An open letter to 2020: a bad acid trip of a year


Hindsight is 20/20 

2020 masks hanging
Stock image via Pixabay.

Dear 2020, 

You have been difficult. I would describe you the same way a parent would describe a toddler in their terrible twos — your tantrums were excessive, you’ve caused a lot of sleepless nights, and you’ve made me rethink what it means to be human.

You started off on bad footing. The Australian bushfires were a terrible idea. And then Kobe Bryant died, and you just nosedived from there. I’d say it’s far too soon for puns about nosediving, but January was 60 years ago. Little did we know that while the world grieved for koalas, kangaroos, and a basketball player, you were brewing something much worse. And sure, maybe you can blame 2019 for creating COVID-19, but you really took it and ran with it.

Suddenly statistics, social distancing, face masks, and Bonnie Henry became part of daily life. Society started preparing for quarantine by stocking up on toilet paper and watching Contagion. 

I went through the full Rolodex of reactions. At first, I was kind of intrigued—the idea of a pandemic was so foreign that it was almost exciting. That phase ended when the death toll started climbing and a swift bout of panic set in. To pull myself out of that, I started running. My running phase ended too, however, after I realized that the only people who actually enjoy running are genetically predisposed to hate fun. 

After that, I sat down and really thought about what might bring me joy. This led to an ever-so-wholesome binge drinking and reality TV phase. And there are some things that I can forgive about this year. Murder hornets? Never actually killed anyone, so no problem. Donald Trump endorsing injections of hand sanitizer and shots of bleach? That tracks. But Too Hot to Handle? That was ten hours I’ll never get back. After that, I thought nothing could shock me.

But then the deaths of George Floyd, Ahmaud Arbery, Regis Korchinski-Paquet, and Breonna Taylor led to protests all over the world in support of the Black Lives Matter movement. Somehow the concept that black lives matter became subject for debate, and white people did what white people love to do: brandish their privilege and make the movement all about themselves. The “all lives matter” protests have set a new standard for how tone-deaf white people can be. 

Going into this year, I thought the most talked about event would be the US presidential election. And come October, news coverage of the election was everywhere. The Fly became relevant again, Joe Biden forgot the president’s name and his son’s internet search history was used against him, and Donald Trump vilified the USPS and science. I couldn’t stop watching election coverage—to the point where I forgot for a brief moment that I am not American and that any embarrassment I was feeling was purely second hand. Biden became the president-elect and, in what seemed like an act of karma, several COVID-19 vaccines were announced soon after. 
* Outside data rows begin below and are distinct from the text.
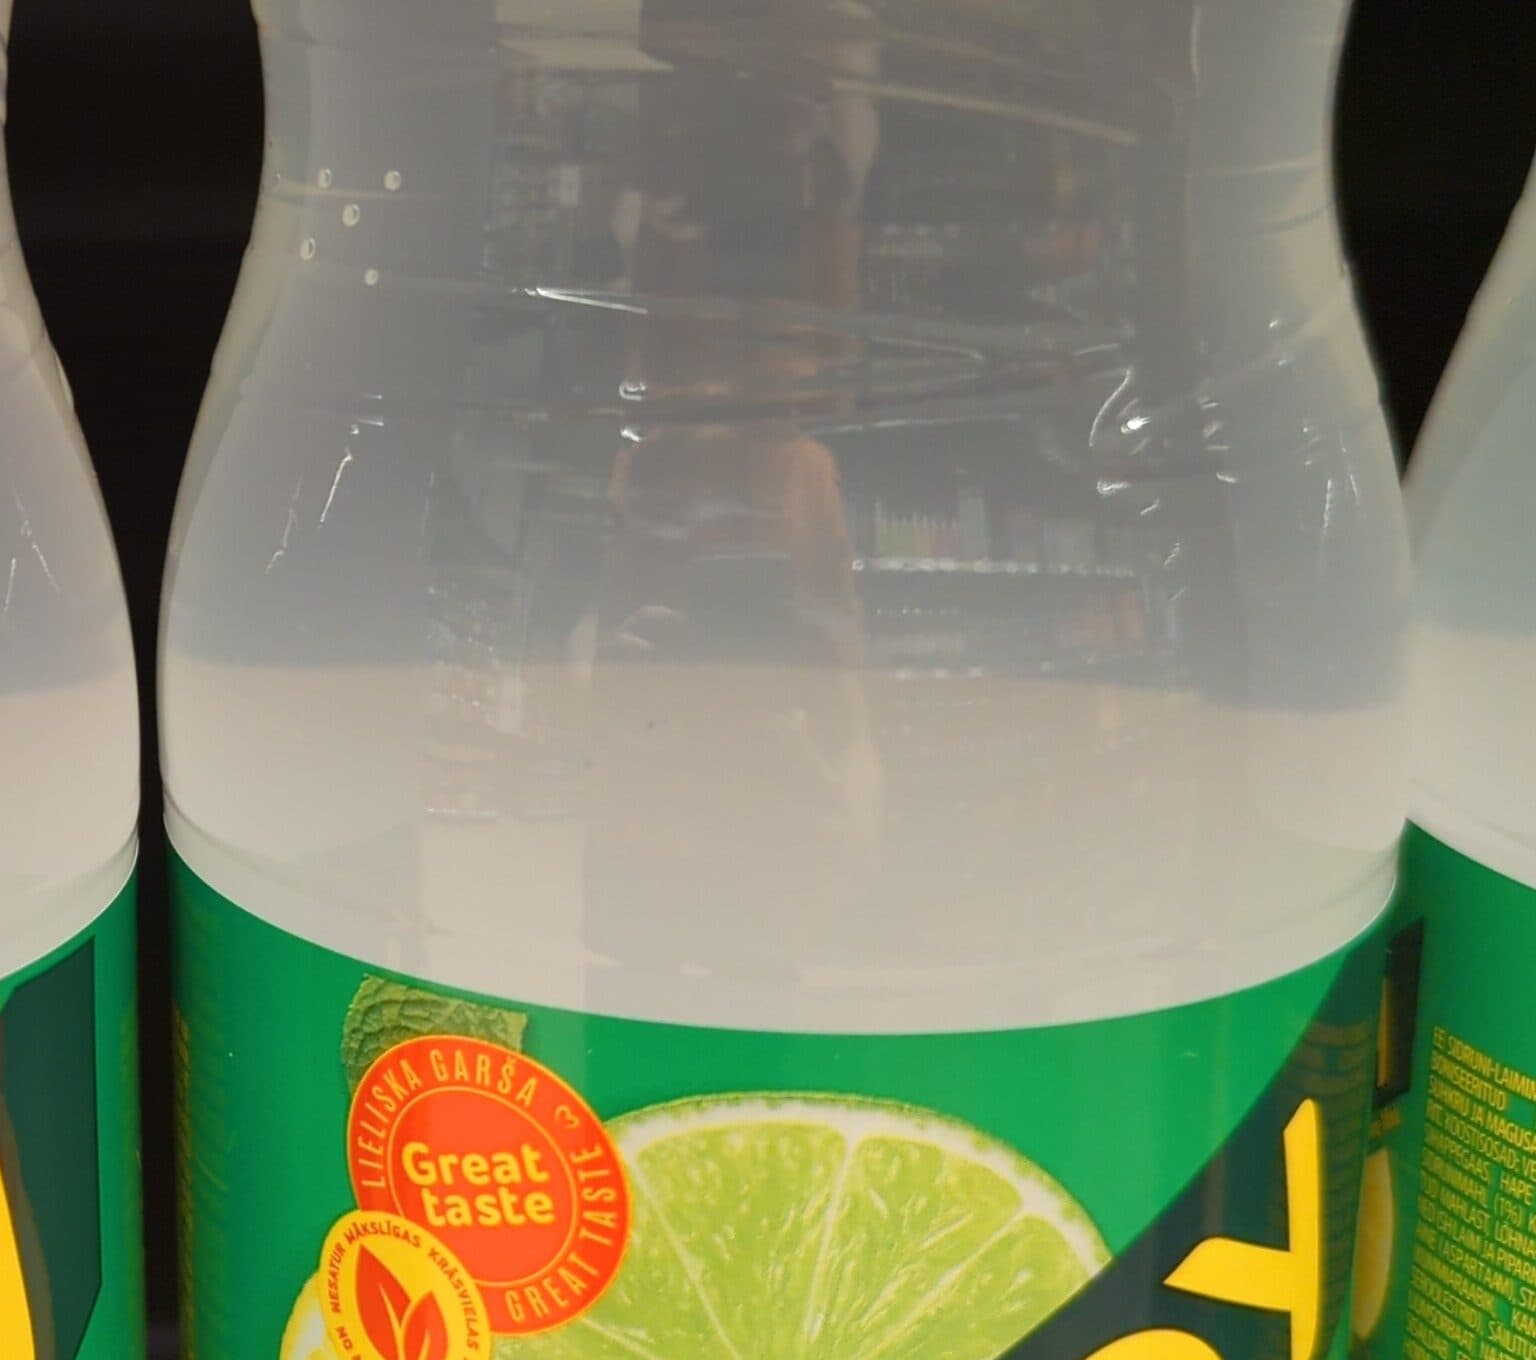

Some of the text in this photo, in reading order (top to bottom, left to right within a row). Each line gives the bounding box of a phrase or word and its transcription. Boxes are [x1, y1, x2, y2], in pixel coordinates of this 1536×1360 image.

[356, 1048, 539, 1189] LIELISKA GARŠA
[402, 1140, 550, 1185] Great
[420, 1186, 556, 1228] taste
[503, 1142, 617, 1324] GREAT TASTE
[426, 1246, 481, 1351] KRĀSVIELAS
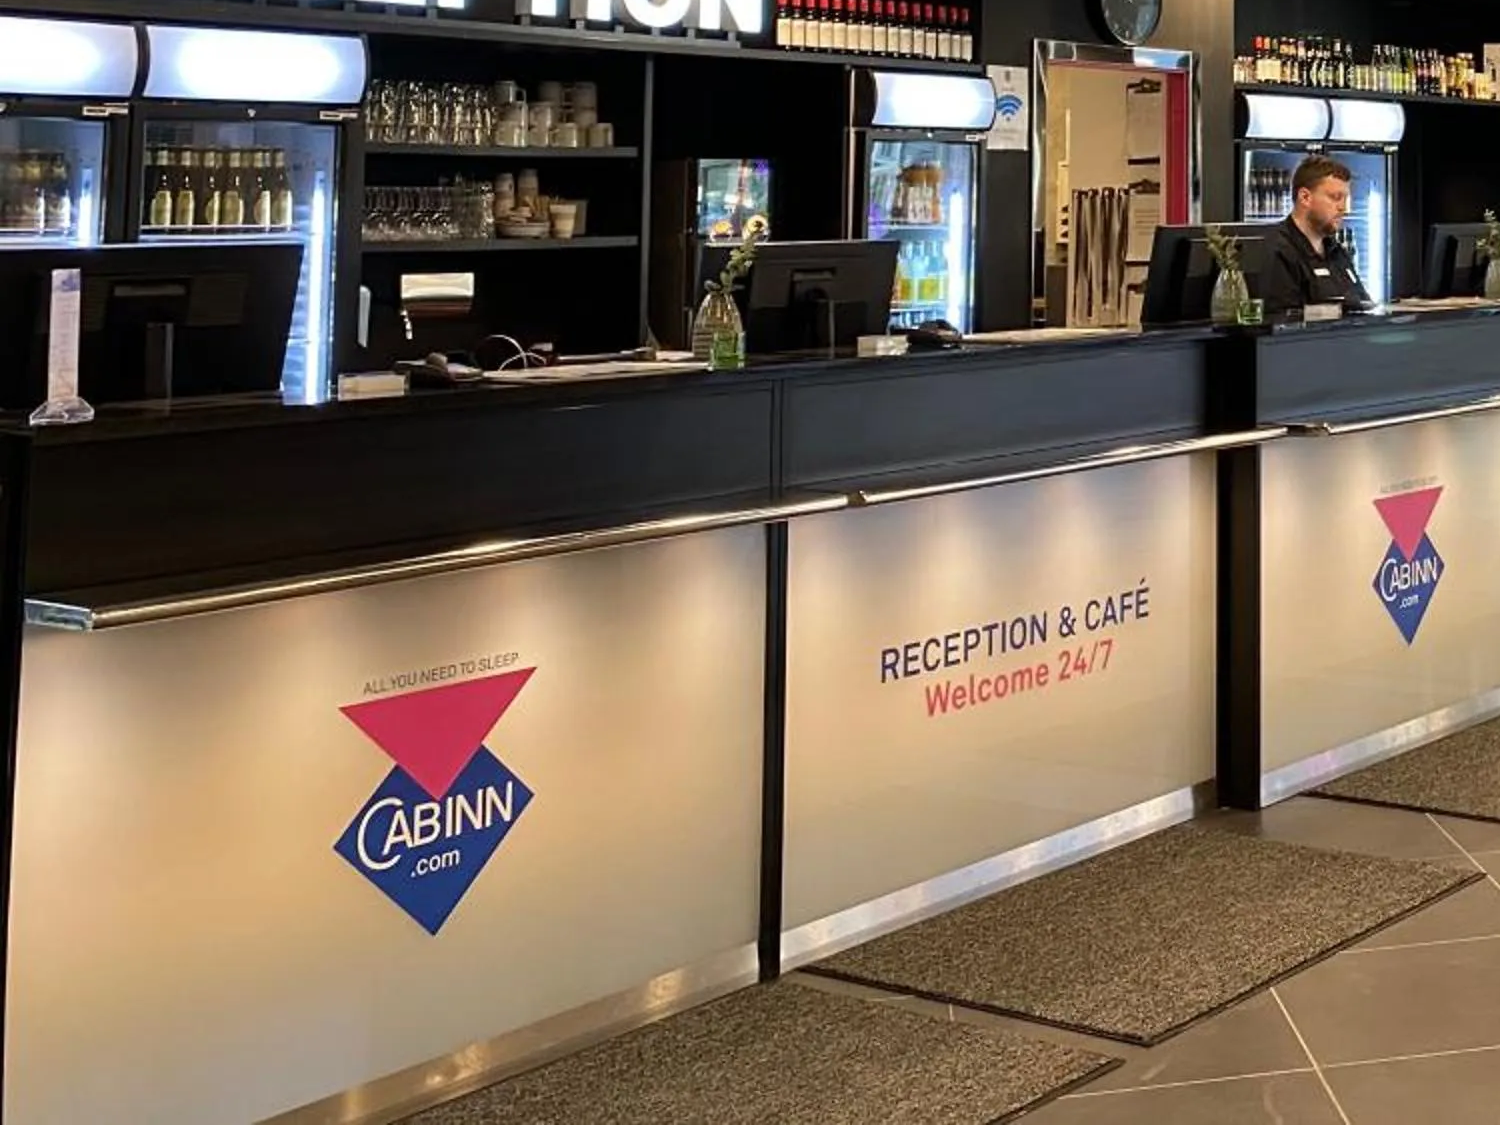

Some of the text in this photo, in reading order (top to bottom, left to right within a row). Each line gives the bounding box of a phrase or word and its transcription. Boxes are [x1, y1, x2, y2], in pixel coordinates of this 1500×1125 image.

Another act of mercy would be putting a stop to Michael Bay’s Songbird. There are bad ideas, and then there are ideas so bad they briefly unite the world to acknowledge just how bad they are.

Speaking of bad ideas, I also convinced myself this year that online learning would be either easier or better than in-person classes. Sure, I could wear pajamas and get away with not showering for a few days, but I also had to reconcile that somehow paying more tuition meant fewer resources, reduced class time, and a lot of uncomfortable Zoom breakout rooms. It’s been a banner year for anxiety and mine is still alive and well. Here’s hoping that instead of isolation and lockdowns, 2021 brings more connection and counselling. 

I had very high hopes for you at the end of 2019. I was supposed to celebrate the end of my undergraduate degree this year—a feat that has taken me nearly ten years to accomplish. But instead of popping champagne and celebrating, I’m popping hand sanitizer and worrying about the future. I think, if anything, you’ve offered the gift of perspective, and although I’ve felt the weight of this year, I can acknowledge that I have the privilege of seeing the end of it.

I wanted to write you this letter to forgive you as we move into 2021. But, like a parent looking at their three-year-old child, I will never forget.